YOUR TASK:
Your task is to transcribe the records exactly, skipping every image.
++++ INFORMATION GIVEN ++++
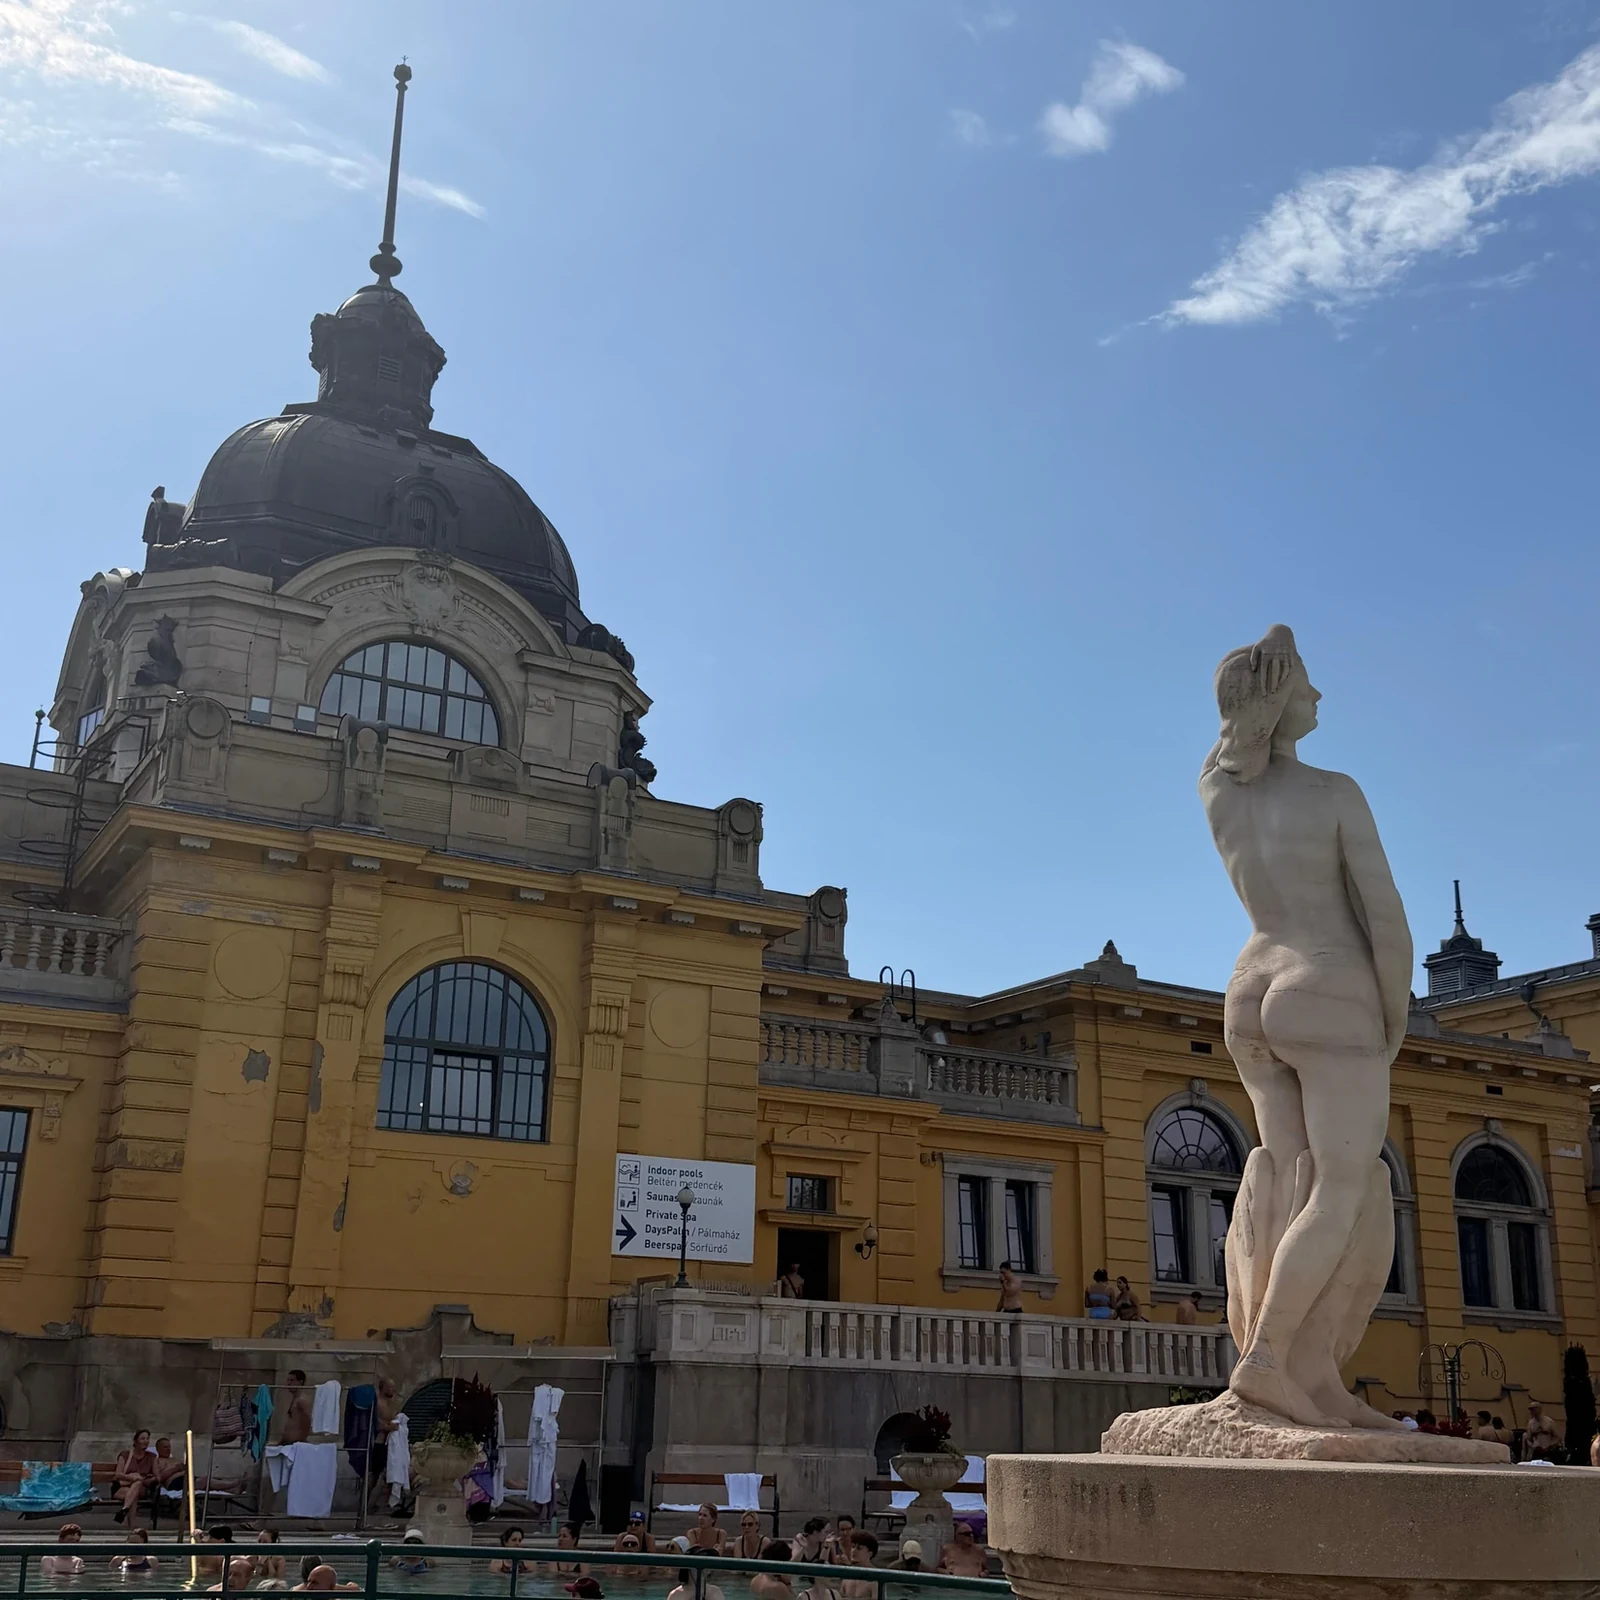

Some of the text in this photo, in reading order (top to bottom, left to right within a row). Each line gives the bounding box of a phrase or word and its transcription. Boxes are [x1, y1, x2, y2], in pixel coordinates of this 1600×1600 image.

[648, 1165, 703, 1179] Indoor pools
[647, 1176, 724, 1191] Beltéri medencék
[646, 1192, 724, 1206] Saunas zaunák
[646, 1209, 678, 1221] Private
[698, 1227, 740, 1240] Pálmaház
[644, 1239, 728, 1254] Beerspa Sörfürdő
++++
RESULT OF THIS EXERCISE:
Some of the text in this photo, in reading order (top to bottom, left to right within a row). Each line gives the bounding box of a phrase or word and its transcription. Boxes are [x1, y1, x2, y2], in pixel coordinates of this 1600×1600 image.

[648, 1165, 703, 1179] Indoor pools
[647, 1176, 724, 1191] Beltéri medencék
[646, 1192, 724, 1206] Saunas zaunák
[646, 1209, 678, 1221] Private
[698, 1227, 740, 1240] Pálmaház
[644, 1239, 728, 1254] Beerspa Sörfürdő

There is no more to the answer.